Instructions to follow —
Set down again each entry exactly as it reads, pictures excluded.

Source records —
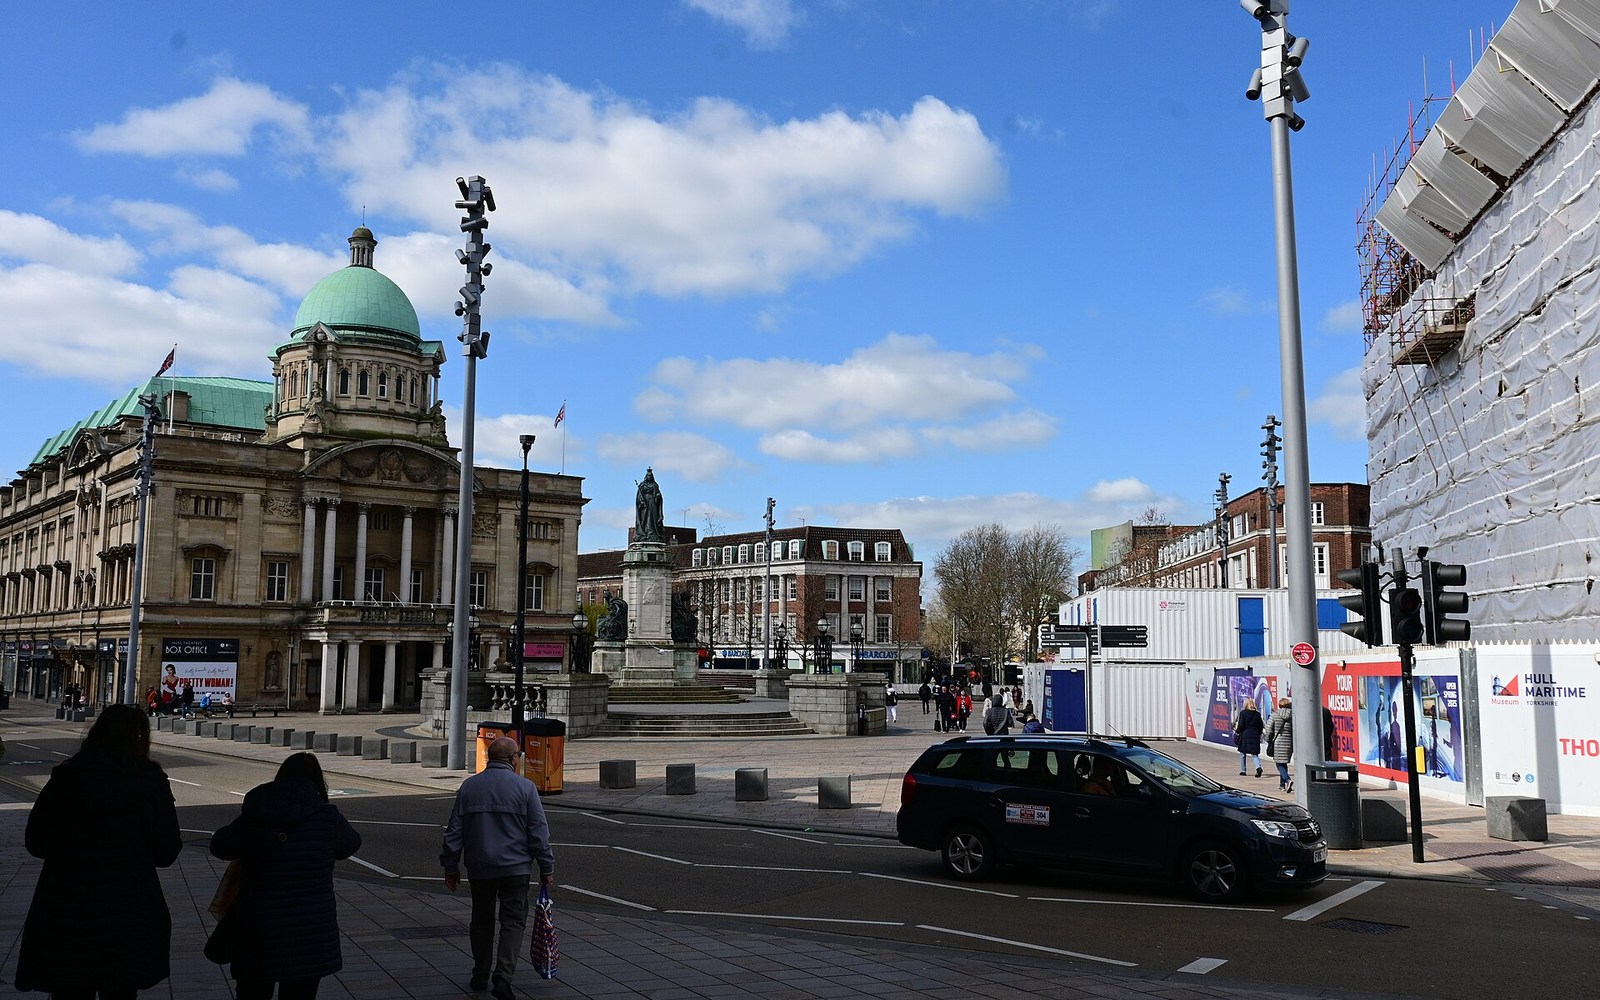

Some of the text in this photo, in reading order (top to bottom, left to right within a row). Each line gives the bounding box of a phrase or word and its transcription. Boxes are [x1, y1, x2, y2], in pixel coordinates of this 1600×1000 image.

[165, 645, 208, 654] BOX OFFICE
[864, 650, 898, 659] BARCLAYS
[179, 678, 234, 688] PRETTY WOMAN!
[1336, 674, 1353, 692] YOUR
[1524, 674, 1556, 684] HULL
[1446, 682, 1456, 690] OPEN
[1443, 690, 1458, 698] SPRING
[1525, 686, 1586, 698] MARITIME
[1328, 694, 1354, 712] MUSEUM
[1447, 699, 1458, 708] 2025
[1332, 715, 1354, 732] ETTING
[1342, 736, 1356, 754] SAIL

Reply —
Some of the text in this photo, in reading order (top to bottom, left to right within a row). Each line gives the bounding box of a phrase or word and its transcription. Boxes are [x1, y1, x2, y2], in pixel coordinates of this 1600×1000 image.

[165, 645, 208, 654] BOX OFFICE
[864, 650, 898, 659] BARCLAYS
[179, 678, 234, 688] PRETTY WOMAN!
[1336, 674, 1353, 692] YOUR
[1524, 674, 1556, 684] HULL
[1446, 682, 1456, 690] OPEN
[1443, 690, 1458, 698] SPRING
[1525, 686, 1586, 698] MARITIME
[1328, 694, 1354, 712] MUSEUM
[1447, 699, 1458, 708] 2025
[1332, 715, 1354, 732] ETTING
[1342, 736, 1356, 754] SAIL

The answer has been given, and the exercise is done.